Please return, word for word, the line containing "this 1280×960 image." and each line after it through the end of the data below, and nothing else.

▸ ENTRIES SHOWN
== Segment start ==

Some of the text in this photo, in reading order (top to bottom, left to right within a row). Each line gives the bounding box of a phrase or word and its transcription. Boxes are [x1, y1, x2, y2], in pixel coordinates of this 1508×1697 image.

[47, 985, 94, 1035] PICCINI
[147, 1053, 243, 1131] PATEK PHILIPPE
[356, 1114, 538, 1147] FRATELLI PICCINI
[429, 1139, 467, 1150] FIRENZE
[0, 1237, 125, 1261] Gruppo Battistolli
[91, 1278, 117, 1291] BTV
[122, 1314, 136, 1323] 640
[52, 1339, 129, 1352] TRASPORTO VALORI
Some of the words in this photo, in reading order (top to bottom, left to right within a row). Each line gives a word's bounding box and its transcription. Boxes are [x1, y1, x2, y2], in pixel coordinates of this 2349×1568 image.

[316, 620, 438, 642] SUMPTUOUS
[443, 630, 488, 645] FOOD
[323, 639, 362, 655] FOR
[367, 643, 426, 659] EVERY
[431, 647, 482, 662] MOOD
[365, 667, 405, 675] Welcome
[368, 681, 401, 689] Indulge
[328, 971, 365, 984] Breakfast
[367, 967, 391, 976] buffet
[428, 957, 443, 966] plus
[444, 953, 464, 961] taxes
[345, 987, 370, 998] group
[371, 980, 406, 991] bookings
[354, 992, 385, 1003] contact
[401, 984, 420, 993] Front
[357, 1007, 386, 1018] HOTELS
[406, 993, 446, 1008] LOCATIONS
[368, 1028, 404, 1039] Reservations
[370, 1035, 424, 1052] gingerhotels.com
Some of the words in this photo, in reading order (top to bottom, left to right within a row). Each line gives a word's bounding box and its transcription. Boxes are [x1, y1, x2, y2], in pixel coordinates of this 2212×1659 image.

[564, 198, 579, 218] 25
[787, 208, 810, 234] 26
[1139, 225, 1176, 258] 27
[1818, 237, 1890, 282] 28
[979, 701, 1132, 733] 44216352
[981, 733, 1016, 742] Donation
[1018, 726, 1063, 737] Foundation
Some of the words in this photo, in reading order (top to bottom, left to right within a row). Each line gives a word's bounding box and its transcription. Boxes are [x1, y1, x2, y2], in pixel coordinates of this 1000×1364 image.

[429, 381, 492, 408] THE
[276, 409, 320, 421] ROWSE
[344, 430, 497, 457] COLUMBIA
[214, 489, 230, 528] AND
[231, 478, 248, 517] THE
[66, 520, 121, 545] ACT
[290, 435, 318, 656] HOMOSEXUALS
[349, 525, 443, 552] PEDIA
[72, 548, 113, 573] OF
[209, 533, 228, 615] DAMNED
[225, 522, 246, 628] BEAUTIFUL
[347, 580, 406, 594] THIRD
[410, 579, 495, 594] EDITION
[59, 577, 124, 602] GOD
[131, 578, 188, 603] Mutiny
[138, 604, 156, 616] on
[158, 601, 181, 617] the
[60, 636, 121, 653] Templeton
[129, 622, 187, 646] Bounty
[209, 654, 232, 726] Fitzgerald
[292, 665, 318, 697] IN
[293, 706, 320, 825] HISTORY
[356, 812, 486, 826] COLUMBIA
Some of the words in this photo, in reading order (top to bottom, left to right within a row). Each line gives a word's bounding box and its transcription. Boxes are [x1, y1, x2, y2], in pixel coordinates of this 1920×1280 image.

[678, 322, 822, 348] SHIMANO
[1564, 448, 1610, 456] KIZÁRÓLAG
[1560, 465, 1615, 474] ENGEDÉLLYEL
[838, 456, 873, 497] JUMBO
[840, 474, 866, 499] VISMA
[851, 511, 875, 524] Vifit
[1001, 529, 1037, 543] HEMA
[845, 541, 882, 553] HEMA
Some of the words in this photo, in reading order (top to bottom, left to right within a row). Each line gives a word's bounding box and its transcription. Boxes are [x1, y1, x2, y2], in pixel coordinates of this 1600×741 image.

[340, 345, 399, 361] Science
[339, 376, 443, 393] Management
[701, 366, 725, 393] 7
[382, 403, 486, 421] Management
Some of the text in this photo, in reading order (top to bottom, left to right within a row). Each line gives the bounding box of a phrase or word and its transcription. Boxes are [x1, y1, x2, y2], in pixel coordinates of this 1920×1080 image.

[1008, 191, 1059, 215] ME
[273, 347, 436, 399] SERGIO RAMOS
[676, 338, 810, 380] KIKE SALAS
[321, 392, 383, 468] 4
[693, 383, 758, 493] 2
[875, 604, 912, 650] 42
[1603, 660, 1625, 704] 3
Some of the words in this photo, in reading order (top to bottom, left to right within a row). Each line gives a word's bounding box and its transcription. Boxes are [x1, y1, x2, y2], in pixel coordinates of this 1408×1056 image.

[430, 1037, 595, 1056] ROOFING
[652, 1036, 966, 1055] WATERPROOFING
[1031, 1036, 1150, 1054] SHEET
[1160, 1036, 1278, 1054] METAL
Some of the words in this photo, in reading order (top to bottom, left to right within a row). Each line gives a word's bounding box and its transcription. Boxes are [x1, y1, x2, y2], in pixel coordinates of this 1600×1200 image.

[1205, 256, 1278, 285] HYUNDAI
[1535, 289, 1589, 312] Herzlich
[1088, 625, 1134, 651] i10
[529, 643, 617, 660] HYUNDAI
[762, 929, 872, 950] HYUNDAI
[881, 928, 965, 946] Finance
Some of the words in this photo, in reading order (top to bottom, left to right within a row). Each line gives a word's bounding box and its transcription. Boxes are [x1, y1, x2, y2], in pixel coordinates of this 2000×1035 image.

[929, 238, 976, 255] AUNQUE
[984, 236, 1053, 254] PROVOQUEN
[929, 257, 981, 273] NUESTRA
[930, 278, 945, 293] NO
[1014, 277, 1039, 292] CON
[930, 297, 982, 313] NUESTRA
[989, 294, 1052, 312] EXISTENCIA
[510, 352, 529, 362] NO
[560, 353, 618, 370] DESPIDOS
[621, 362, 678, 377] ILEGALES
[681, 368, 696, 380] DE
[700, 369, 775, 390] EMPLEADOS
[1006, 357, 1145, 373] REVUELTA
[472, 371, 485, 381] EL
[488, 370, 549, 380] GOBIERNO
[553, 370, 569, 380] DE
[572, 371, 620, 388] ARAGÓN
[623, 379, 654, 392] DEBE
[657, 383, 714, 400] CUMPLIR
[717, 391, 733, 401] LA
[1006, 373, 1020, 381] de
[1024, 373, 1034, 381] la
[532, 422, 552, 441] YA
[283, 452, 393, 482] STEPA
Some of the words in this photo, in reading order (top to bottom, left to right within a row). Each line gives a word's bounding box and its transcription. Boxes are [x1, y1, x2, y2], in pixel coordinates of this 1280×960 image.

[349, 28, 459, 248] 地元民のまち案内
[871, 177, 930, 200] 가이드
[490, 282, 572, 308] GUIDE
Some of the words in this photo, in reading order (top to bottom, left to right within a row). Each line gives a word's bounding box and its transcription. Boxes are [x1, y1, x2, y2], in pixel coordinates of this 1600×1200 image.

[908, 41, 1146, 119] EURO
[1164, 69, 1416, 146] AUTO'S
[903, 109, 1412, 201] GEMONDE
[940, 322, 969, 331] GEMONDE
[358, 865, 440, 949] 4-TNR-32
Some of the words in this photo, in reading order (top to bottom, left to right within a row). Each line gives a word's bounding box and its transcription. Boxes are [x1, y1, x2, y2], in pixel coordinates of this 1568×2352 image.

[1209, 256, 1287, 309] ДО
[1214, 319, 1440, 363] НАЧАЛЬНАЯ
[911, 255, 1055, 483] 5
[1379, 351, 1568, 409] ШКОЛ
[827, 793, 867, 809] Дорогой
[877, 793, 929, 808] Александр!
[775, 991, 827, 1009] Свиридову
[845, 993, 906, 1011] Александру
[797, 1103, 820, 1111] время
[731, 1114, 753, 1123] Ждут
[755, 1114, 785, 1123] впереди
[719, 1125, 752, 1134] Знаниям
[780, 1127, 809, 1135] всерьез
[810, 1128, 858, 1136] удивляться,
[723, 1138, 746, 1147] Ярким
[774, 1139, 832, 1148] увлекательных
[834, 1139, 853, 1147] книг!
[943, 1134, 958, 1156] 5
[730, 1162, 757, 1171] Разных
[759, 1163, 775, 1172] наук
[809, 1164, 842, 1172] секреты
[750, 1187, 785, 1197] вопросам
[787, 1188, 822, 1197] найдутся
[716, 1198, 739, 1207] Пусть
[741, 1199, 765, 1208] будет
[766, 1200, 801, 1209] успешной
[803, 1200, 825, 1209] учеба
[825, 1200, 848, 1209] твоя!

== Segment end ==

▸ SOLVED EXERCISE
Some of the words in this photo, in reading order (top to bottom, left to right within a row). Each line gives a word's bounding box and its transcription. Boxes are [x1, y1, x2, y2], in pixel coordinates of this 1280×960 image.

[349, 28, 459, 248] 地元民のまち案内
[871, 177, 930, 200] 가이드
[490, 282, 572, 308] GUIDE
Some of the words in this photo, in reading order (top to bottom, left to right within a row). Each line gives a word's bounding box and its transcription. Boxes are [x1, y1, x2, y2], in pixel coordinates of this 1600×1200 image.

[908, 41, 1146, 119] EURO
[1164, 69, 1416, 146] AUTO'S
[903, 109, 1412, 201] GEMONDE
[940, 322, 969, 331] GEMONDE
[358, 865, 440, 949] 4-TNR-32
Some of the words in this photo, in reading order (top to bottom, left to right within a row). Each line gives a word's bounding box and its transcription. Boxes are [x1, y1, x2, y2], in pixel coordinates of this 1568×2352 image.

[1209, 256, 1287, 309] ДО
[1214, 319, 1440, 363] НАЧАЛЬНАЯ
[911, 255, 1055, 483] 5
[1379, 351, 1568, 409] ШКОЛ
[827, 793, 867, 809] Дорогой
[877, 793, 929, 808] Александр!
[775, 991, 827, 1009] Свиридову
[845, 993, 906, 1011] Александру
[797, 1103, 820, 1111] время
[731, 1114, 753, 1123] Ждут
[755, 1114, 785, 1123] впереди
[719, 1125, 752, 1134] Знаниям
[780, 1127, 809, 1135] всерьез
[810, 1128, 858, 1136] удивляться,
[723, 1138, 746, 1147] Ярким
[774, 1139, 832, 1148] увлекательных
[834, 1139, 853, 1147] книг!
[943, 1134, 958, 1156] 5
[730, 1162, 757, 1171] Разных
[759, 1163, 775, 1172] наук
[809, 1164, 842, 1172] секреты
[750, 1187, 785, 1197] вопросам
[787, 1188, 822, 1197] найдутся
[716, 1198, 739, 1207] Пусть
[741, 1199, 765, 1208] будет
[766, 1200, 801, 1209] успешной
[803, 1200, 825, 1209] учеба
[825, 1200, 848, 1209] твоя!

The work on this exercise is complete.